(Source records)

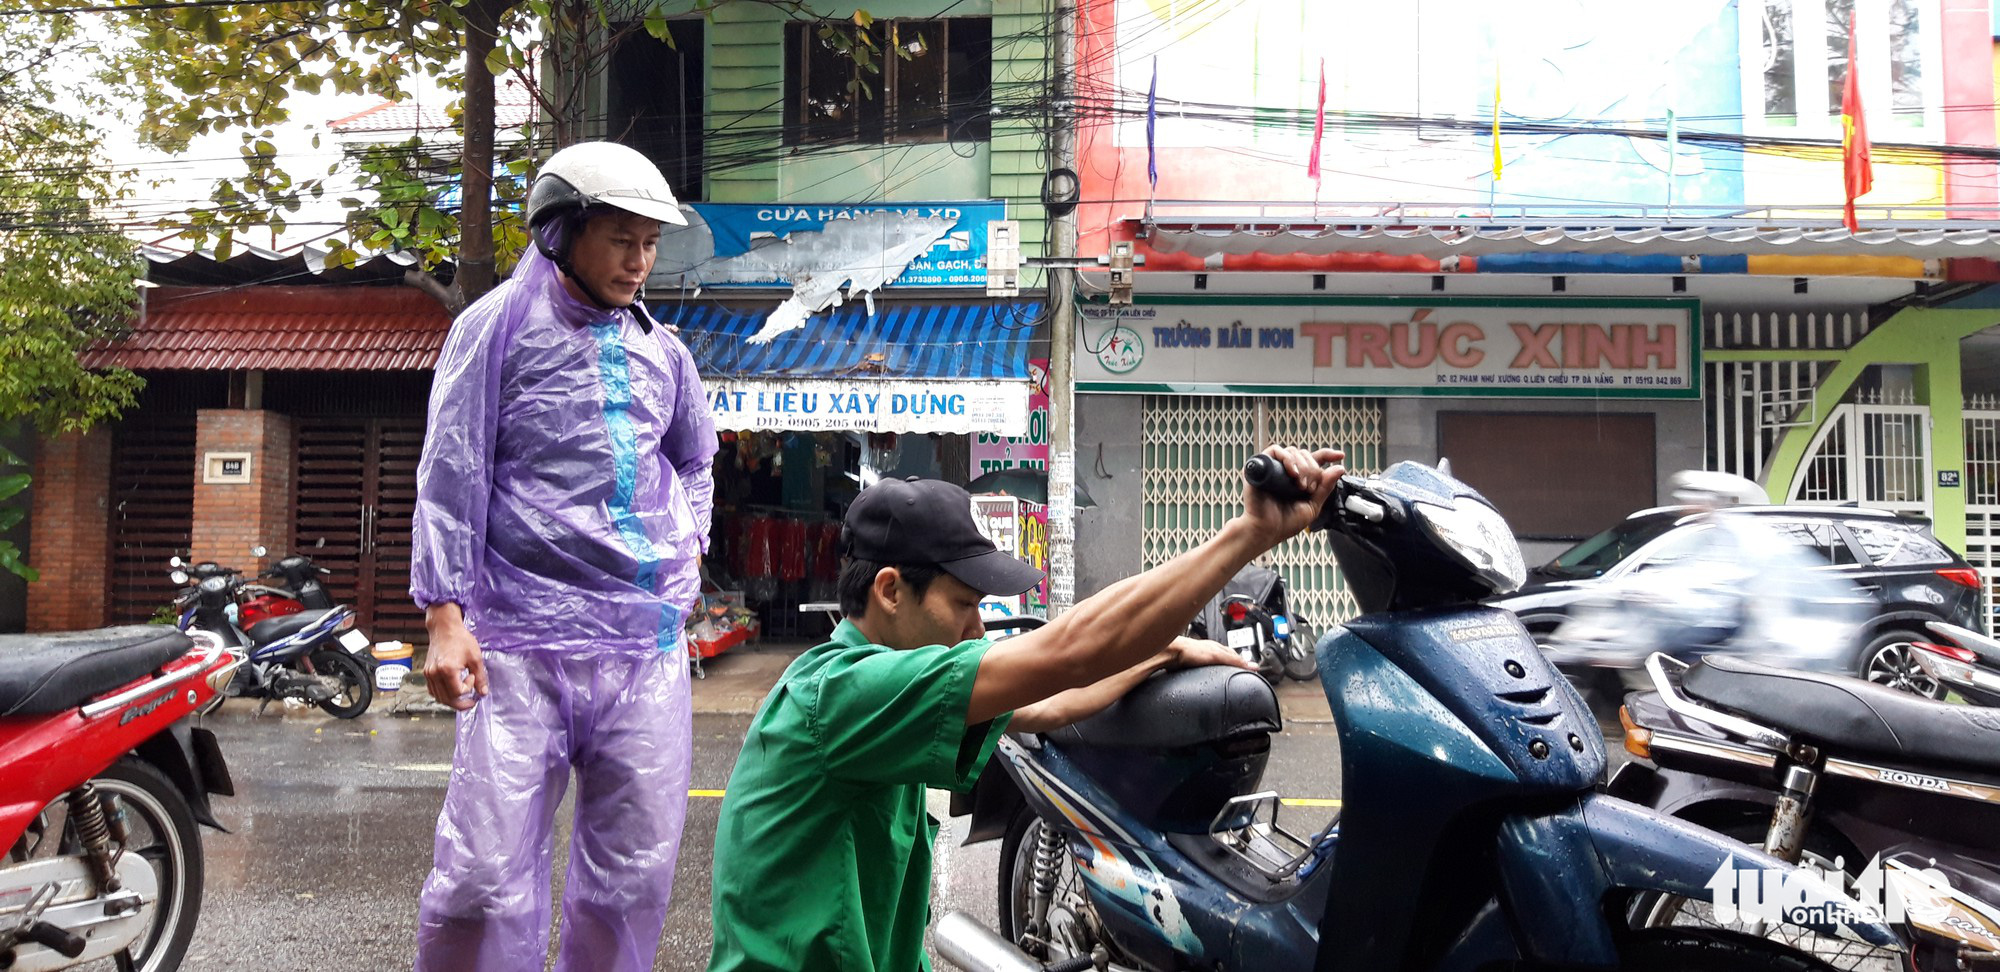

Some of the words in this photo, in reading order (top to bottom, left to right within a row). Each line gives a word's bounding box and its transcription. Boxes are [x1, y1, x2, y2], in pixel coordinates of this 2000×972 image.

[757, 206, 812, 221] CỬA
[937, 260, 972, 272] GẠCH,
[1258, 328, 1294, 349] NON
[1300, 308, 1486, 369] TRÚC
[1507, 323, 1677, 370] XINH
[1450, 374, 1458, 383] 82
[1656, 376, 1668, 385] 842
[1670, 376, 1682, 385] 869
[757, 386, 817, 418] LIỆU
[828, 387, 881, 414] XÂY
[891, 390, 965, 419] DỰNG
[788, 417, 820, 428] 0905
[825, 418, 849, 428] 205
[853, 418, 878, 428] 004
[1449, 624, 1519, 641] HONDA
[1878, 770, 1951, 791] HONDA
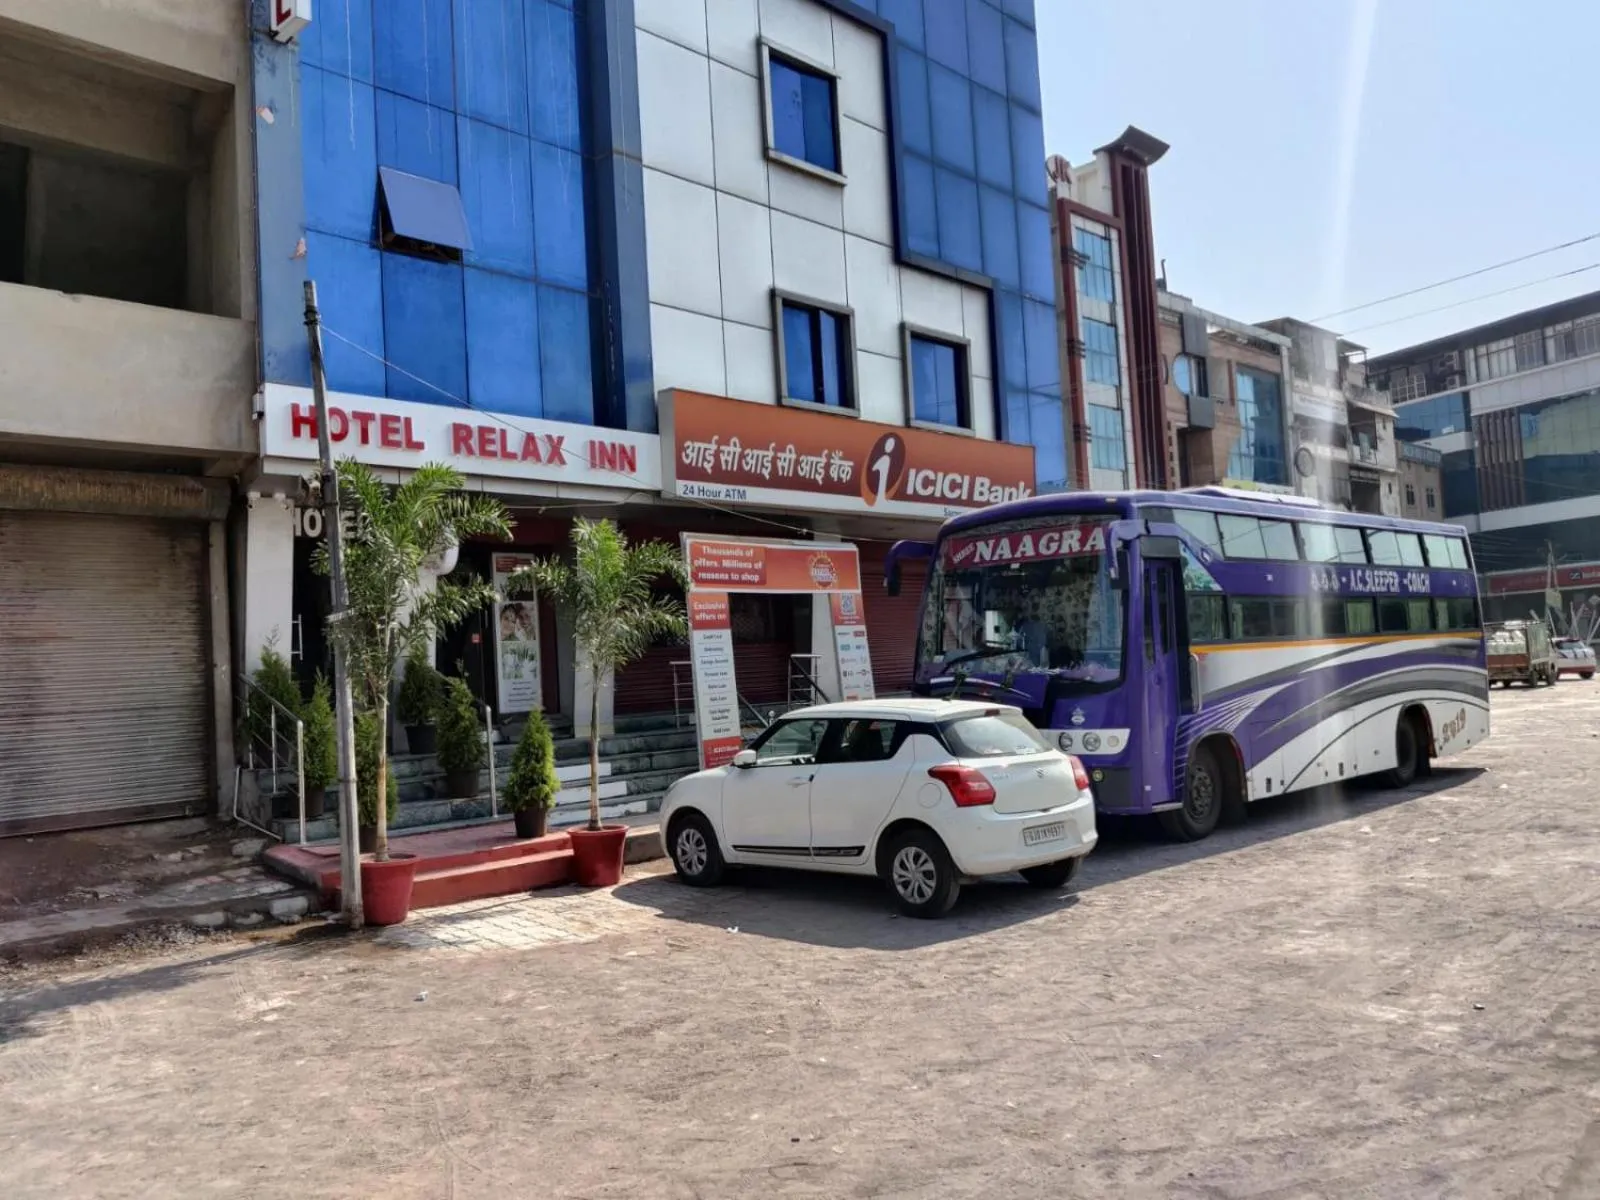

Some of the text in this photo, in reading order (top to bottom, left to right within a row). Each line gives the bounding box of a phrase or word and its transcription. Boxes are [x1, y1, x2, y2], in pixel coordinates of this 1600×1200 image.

[290, 402, 637, 473] HOTEL RELAX INN
[682, 435, 719, 474] आई
[720, 437, 741, 471] सी
[743, 442, 776, 479] आई
[777, 444, 797, 477] सी
[798, 449, 828, 485] आई
[682, 484, 747, 500] 24 Hour ATM
[906, 467, 1033, 504] ICICI Bank
[702, 545, 753, 557] Thousands of
[973, 527, 1106, 563] NAAGRA
[722, 559, 752, 569] Millions
[754, 561, 762, 570] of
[730, 572, 739, 580] to
[741, 573, 760, 583] shop

(End Source records)

### Task details
Starting at the line that holds "Some of the text", set down each line exactly through the last line of the records above, and no others.

### Answer box
Some of the text in this photo, in reading order (top to bottom, left to right within a row). Each line gives the bounding box of a phrase or word and its transcription. Boxes are [x1, y1, x2, y2], in pixel coordinates of this 1600×1200 image.

[290, 402, 637, 473] HOTEL RELAX INN
[682, 435, 719, 474] आई
[720, 437, 741, 471] सी
[743, 442, 776, 479] आई
[777, 444, 797, 477] सी
[798, 449, 828, 485] आई
[682, 484, 747, 500] 24 Hour ATM
[906, 467, 1033, 504] ICICI Bank
[702, 545, 753, 557] Thousands of
[973, 527, 1106, 563] NAAGRA
[722, 559, 752, 569] Millions
[754, 561, 762, 570] of
[730, 572, 739, 580] to
[741, 573, 760, 583] shop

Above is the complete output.